De Cafetera de mi Oficina. Foto Manel Aljama con Nokia 6103 retocada electrónicamente |
Cuando cruzaba el umbral de la puerta escuchó una voz de mando.
—¡Alto! Espera un momento
Se detuvo con calma mientras se aferraba con fuerza a su carga.
—Ten, te sobran 50 céntimos de la tarjeta del café —la voz seguía firme y mecánica.
—Gracias, puedes quedártelos —respondió sin volver la espalda y reanudó su marcha.
Fue un día duro. A media mañana, tranquilo y en silencio empezó a recoger todas sus pertenencias entre las que había, cuadernos, bolígrafos promocionales y un puñado de discos compactos. Después, arrancó las envejecidas postales de veraneo del tablón de anuncios. Mientras las apilaba iba contemplando su reverso, como si quisiera revivir los recuerdos. Siguió con el buck de cajones. En el primer cajón había un mug para tomar café americano, aún con cercos que habían resistido al detergente. Desechó los clips que ya no iba a necesitar más. Despreció el contenido del resto de cajones y reparó su atención en los diversos diplomas de pega que los compañeros le habían otorgado a lo largo de los años. Arrojó a la papelera las felicitaciones de la última navidad. Clavó su mirada en el escritorio para localizar el retrato de familia. Dudó entre lanzarlo al cubo de la basura o añadirlo a su caja de cartón reutilizable. Finalmente optó por conservarlo. Recogió su tarjeta para la máquina del café. Al verla el guardia dijo:
—Dámela. Pertenece a la empresa —obedeció, se la entregó y cerró el cajón—. Dio un último repaso al armario pero desestimó todo lo que había dentro. Agarró su caja de cartón. El guardia de seguridad le acompañó hasta la salida.

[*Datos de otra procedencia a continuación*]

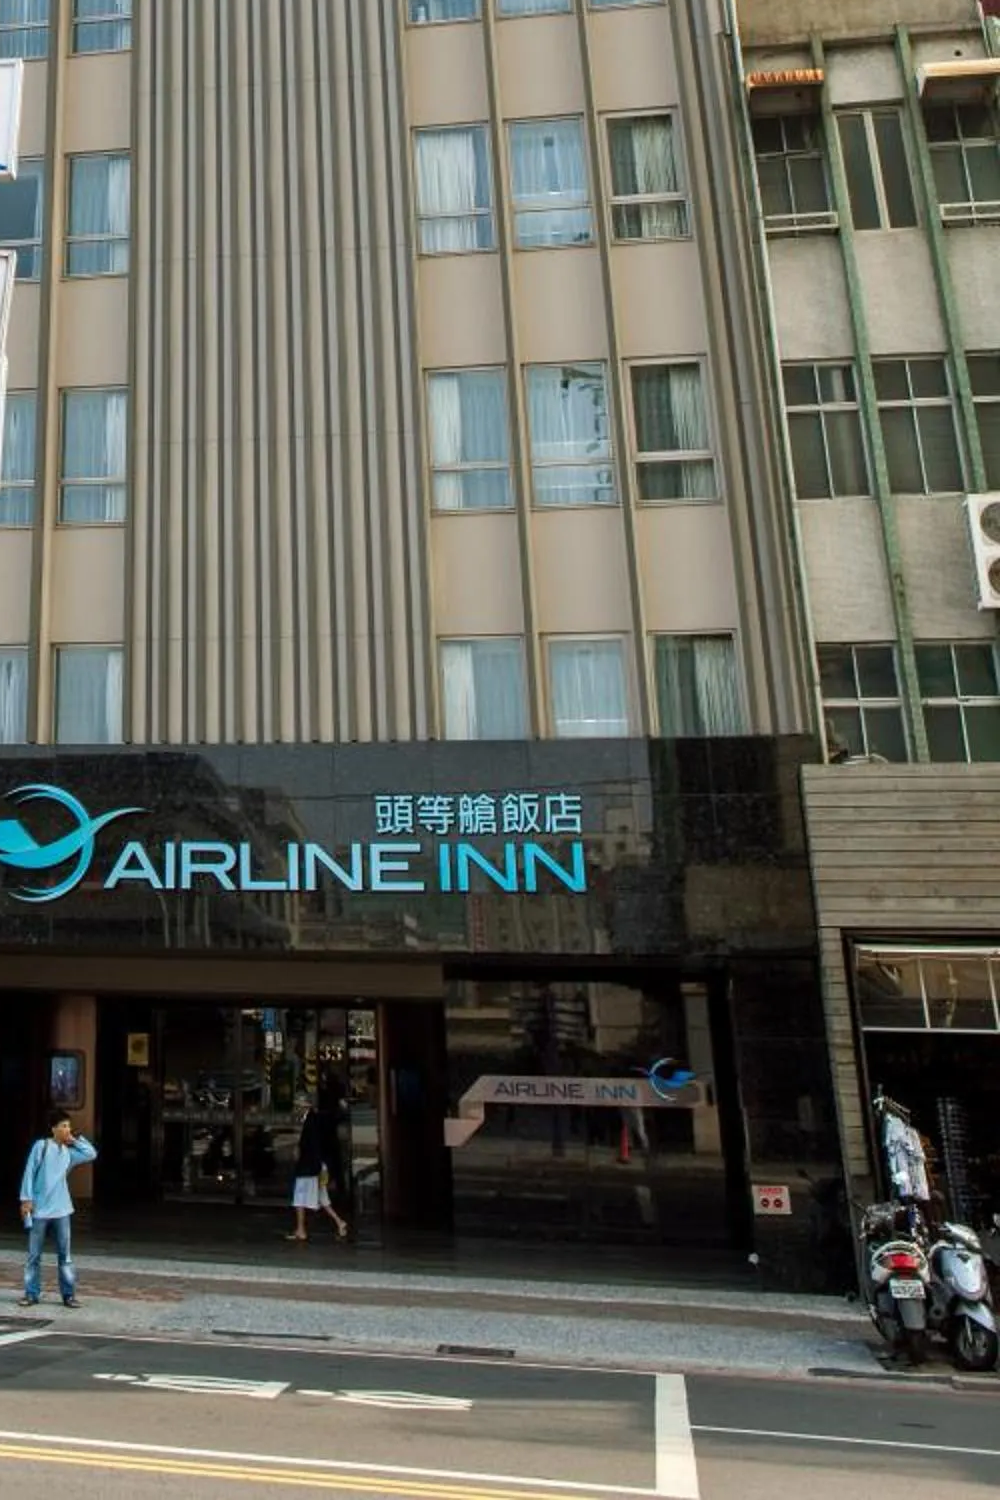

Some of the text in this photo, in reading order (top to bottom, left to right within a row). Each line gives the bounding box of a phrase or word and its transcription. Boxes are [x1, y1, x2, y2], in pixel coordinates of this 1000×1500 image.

[375, 794, 583, 835] 頭等艙飯店
[103, 841, 587, 892] AIRLINE INN
[493, 1082, 637, 1100] AIRLINE INN

A primera hora de la mañana, antes de empezar la jornada había sonado el teléfono. El jefe de personal le pedía que subiese al despacho “de arriba”. Allí, un sujeto de no más de treinta y cinco años, con cabello a navaja y embutido en su traje perfectamente ajustado, se recostaba en su sillón. Enfrente estaba sentado también Holgado, el delegado de personal.
—Fernández, le seré franco —con una frialdad lacónica.
—Eso, sé “Franco” —Fernández “lo vio” venir todo. Nunca pensó que aquello le fuese a suceder.
—¿Cómo dice? —preguntó.
—Nada, nada, cosas mías —respondió.
—A lo que íbamos —cambió el tono—, Fernández, nuestra compañía está satisfecha de sus servicios —pero en el pensamiento de Fernández no se dibujaba ninguna mención o premio—, pero necesitamos gente nueva con garra, con conocimientos actuales y que sea más flexible. Nos vemos obligados a prescindir de sus servicios. Aquí tiene una carta de recomendación, un cheque por el importe de una mensualidad.
—¿Pero? ¡Después de treinta años sin coger ni una sola baja, me echan y no me dan ni una indemnización!
—Se equivoca Fernández —sonreía intentando recordar algún párrafo de su manual en la escuela de negocios, El Príncipe de Maquiavelo—, el despido “es procedente”. Usted ha cometido tres faltas graves que están recogidas en su expediente.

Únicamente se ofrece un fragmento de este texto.